Frances Palace of Versailles reopens after security warning Portal

France’s Palace of Versailles reopens after security warning – Portal

PARIS, Oct 17 (Portal) – The Palace of Versailles, one of France’s top tourist attractions, reopened on Tuesday after being temporarily closed due to the second security crisis in four days.

France was already on high alert following the murder of a teacher on October 13 in a suspected Islamist attack.

The palace said on social media earlier in the day that it had evacuated visitors for “security reasons,” without giving further details.

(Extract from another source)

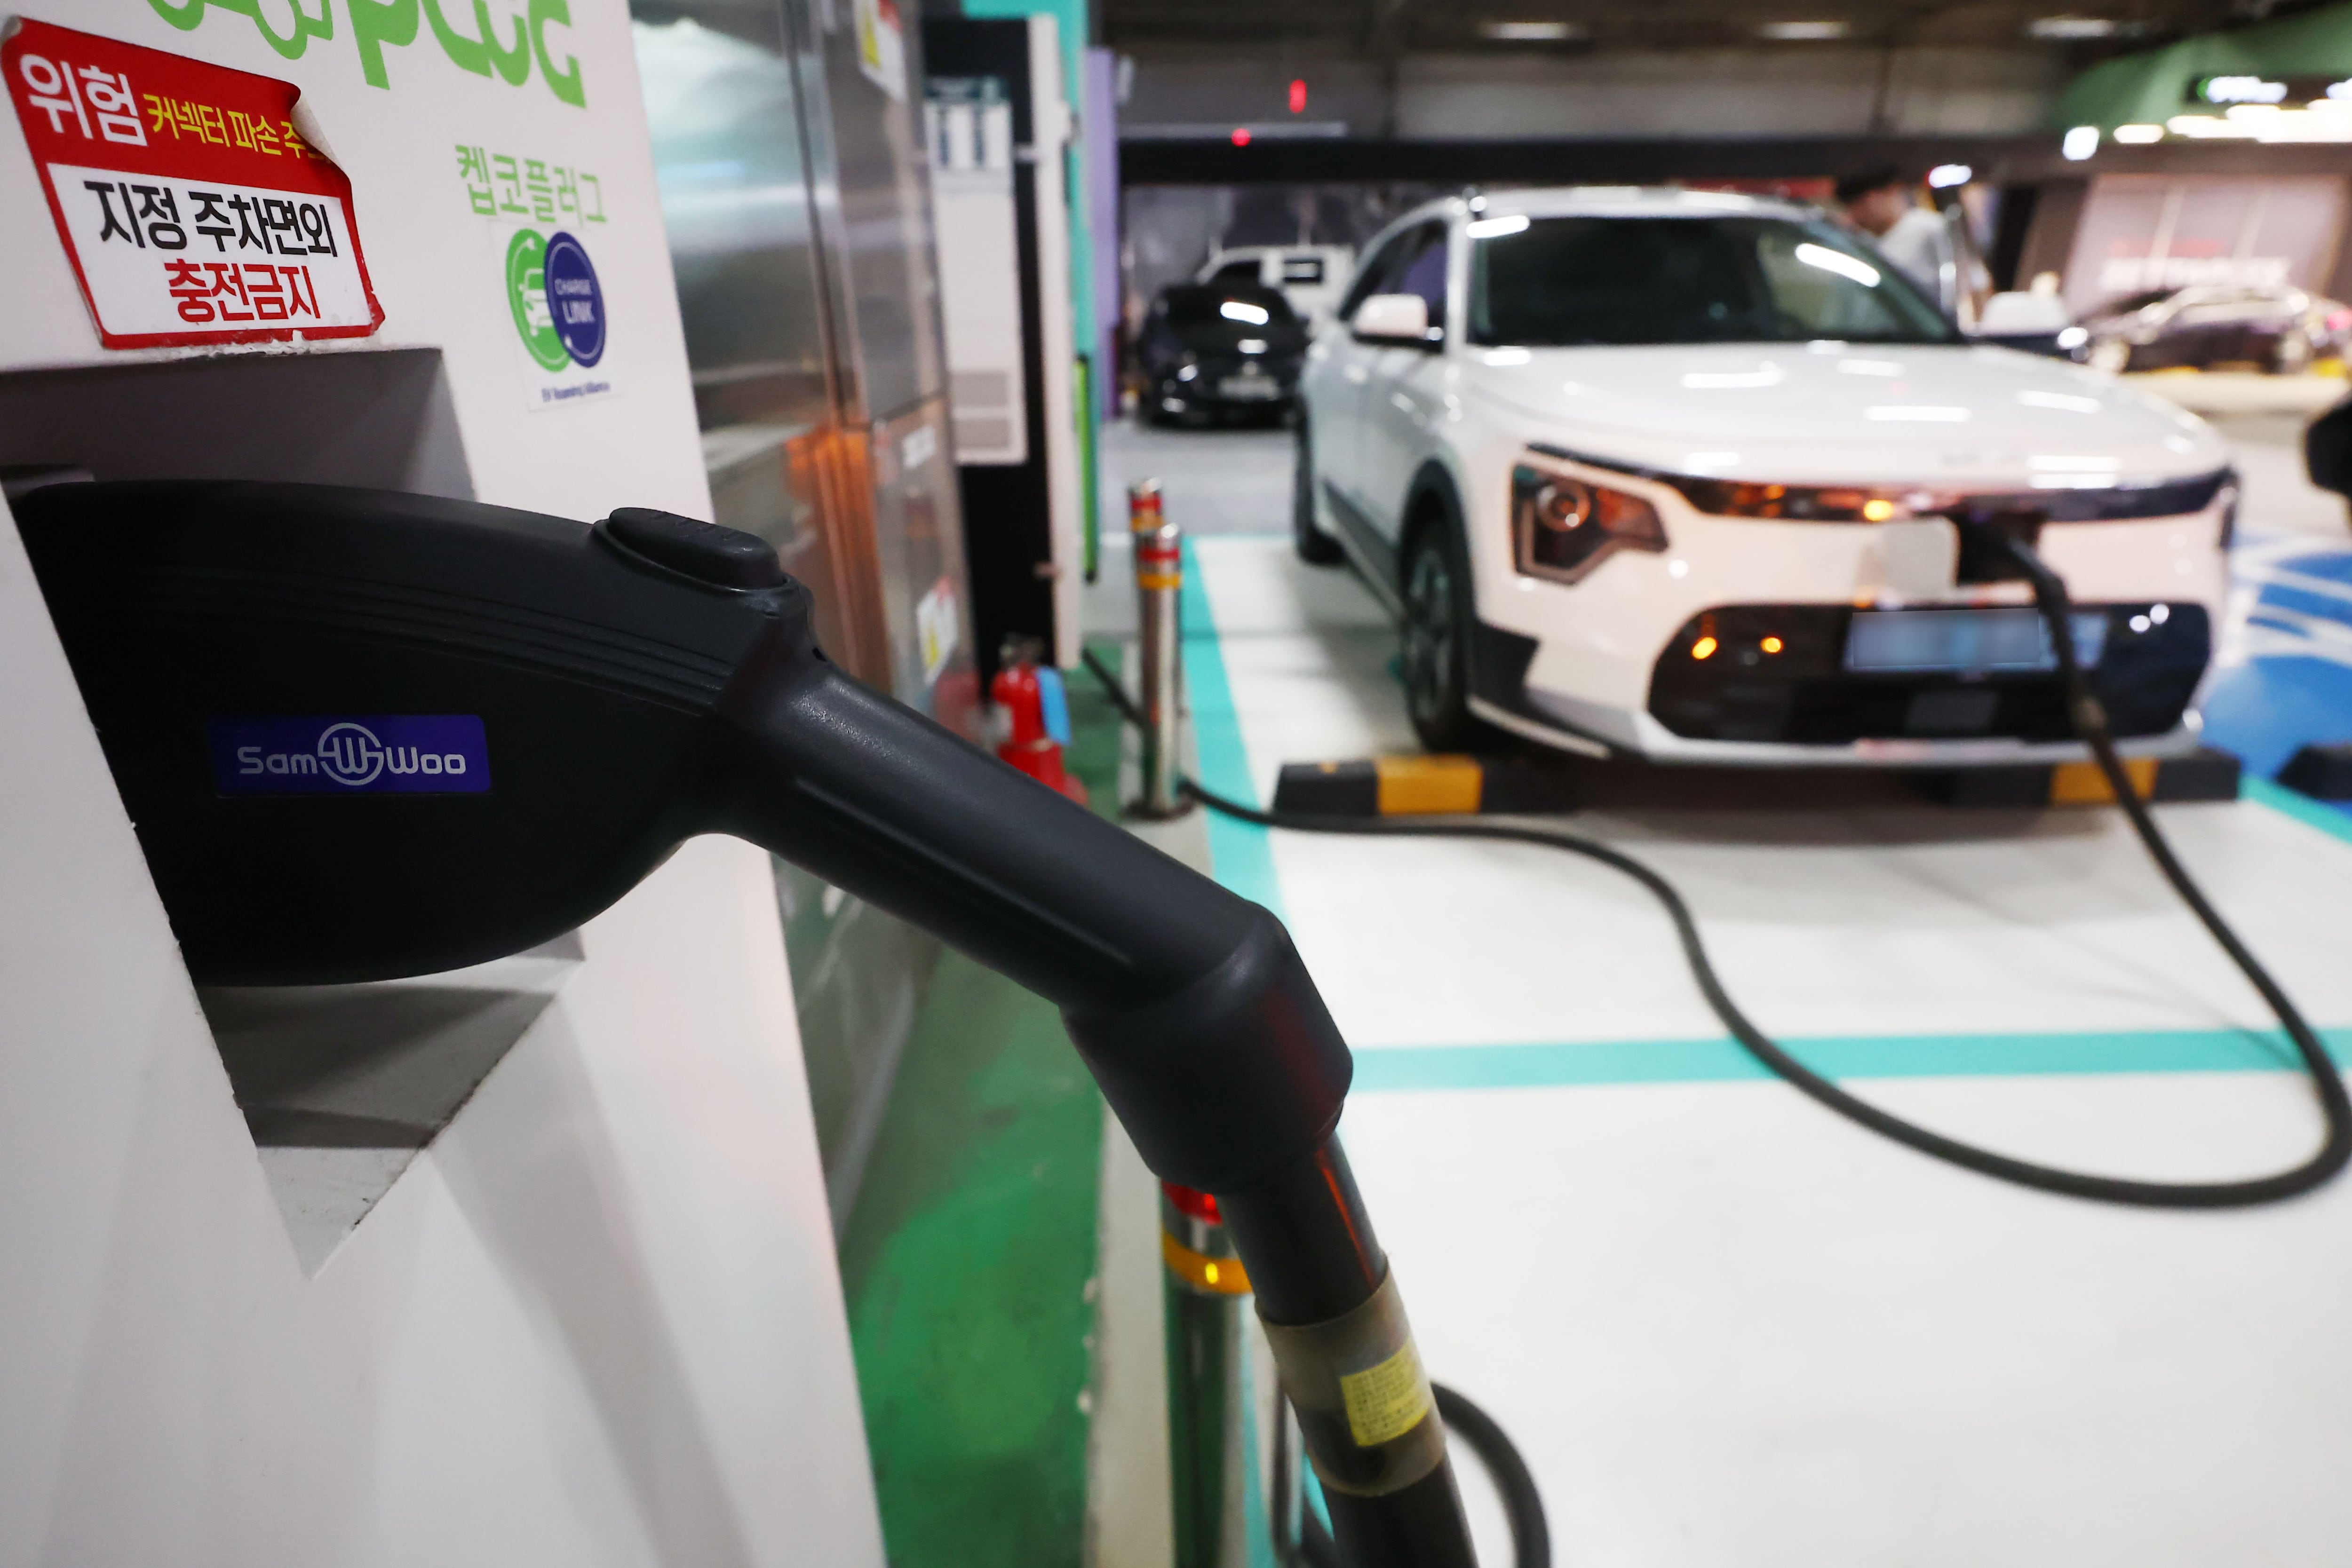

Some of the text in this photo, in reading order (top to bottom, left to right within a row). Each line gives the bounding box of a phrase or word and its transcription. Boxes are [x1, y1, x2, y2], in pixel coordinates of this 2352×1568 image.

BFM TV, citing police sources, said a bomb squad had been dispatched to the palace.

The local police department for Versailles later announced that the police operation had ended and a previously established security cordon had been lifted.

Built in the 17th century for King Louis XIV, the palace was the main royal residence until the French Revolution and the overthrow of the monarchy in 1789.

Tourists queuing outside the UNESCO World Heritage-listed palace had mixed emotions.

“It is a very worrying and tense situation, but we cannot stop living either,” said Jean-Pierre Brehon, 72, from nearby Saint-Germain-en-Laye, outside Paris.

“As foreigners, we’re not really used to all of this,” says 19-year-old Swiss tourist Margarita Costa. “We find it a little shocking.”

On Saturday, a day after the death of a teacher in France, bomb warnings that turned out to be false forced the evacuation of the Louvre Museum, the Palace of Versailles and Paris’ Gare de Lyon train station.